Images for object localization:
((

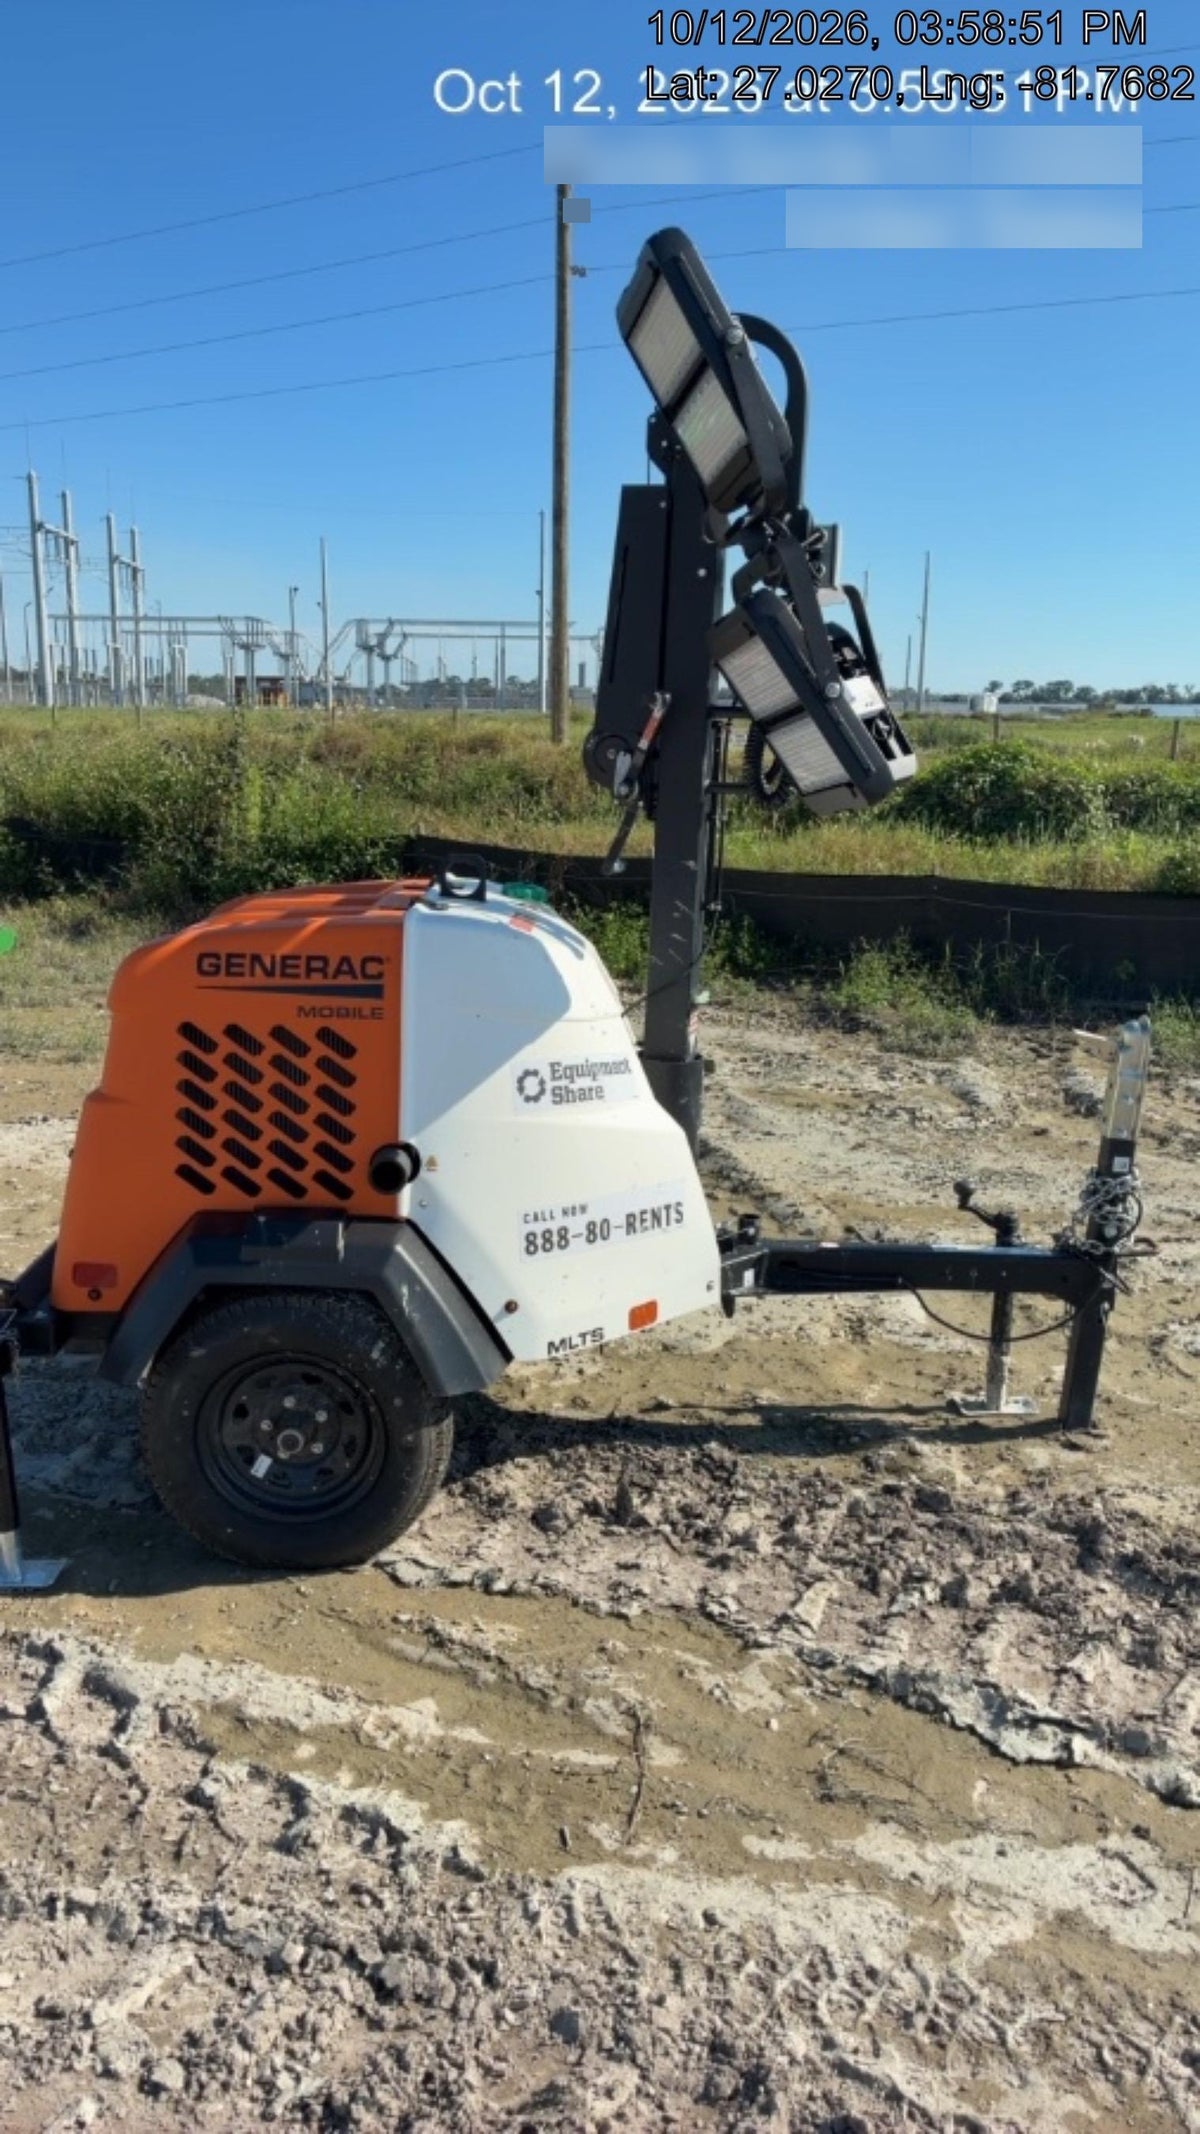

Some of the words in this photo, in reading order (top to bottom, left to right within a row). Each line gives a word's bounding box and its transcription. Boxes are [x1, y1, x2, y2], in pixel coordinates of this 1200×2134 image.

[196, 952, 386, 981] GENERAC
[297, 1005, 385, 1020] MOBILE
[551, 1084, 605, 1105] Share
[523, 1208, 556, 1225] CALL
[561, 1203, 589, 1219] NOW
[524, 1201, 685, 1256] 888-80-RENTS

))

Task directions: Repeat the records word for word, skipping pictures.

Expected answer:
Some of the words in this photo, in reading order (top to bottom, left to right within a row). Each line gives a word's bounding box and its transcription. Boxes are [x1, y1, x2, y2], in pixel coordinates of this 1200×2134 image.

[196, 952, 386, 981] GENERAC
[297, 1005, 385, 1020] MOBILE
[551, 1084, 605, 1105] Share
[523, 1208, 556, 1225] CALL
[561, 1203, 589, 1219] NOW
[524, 1201, 685, 1256] 888-80-RENTS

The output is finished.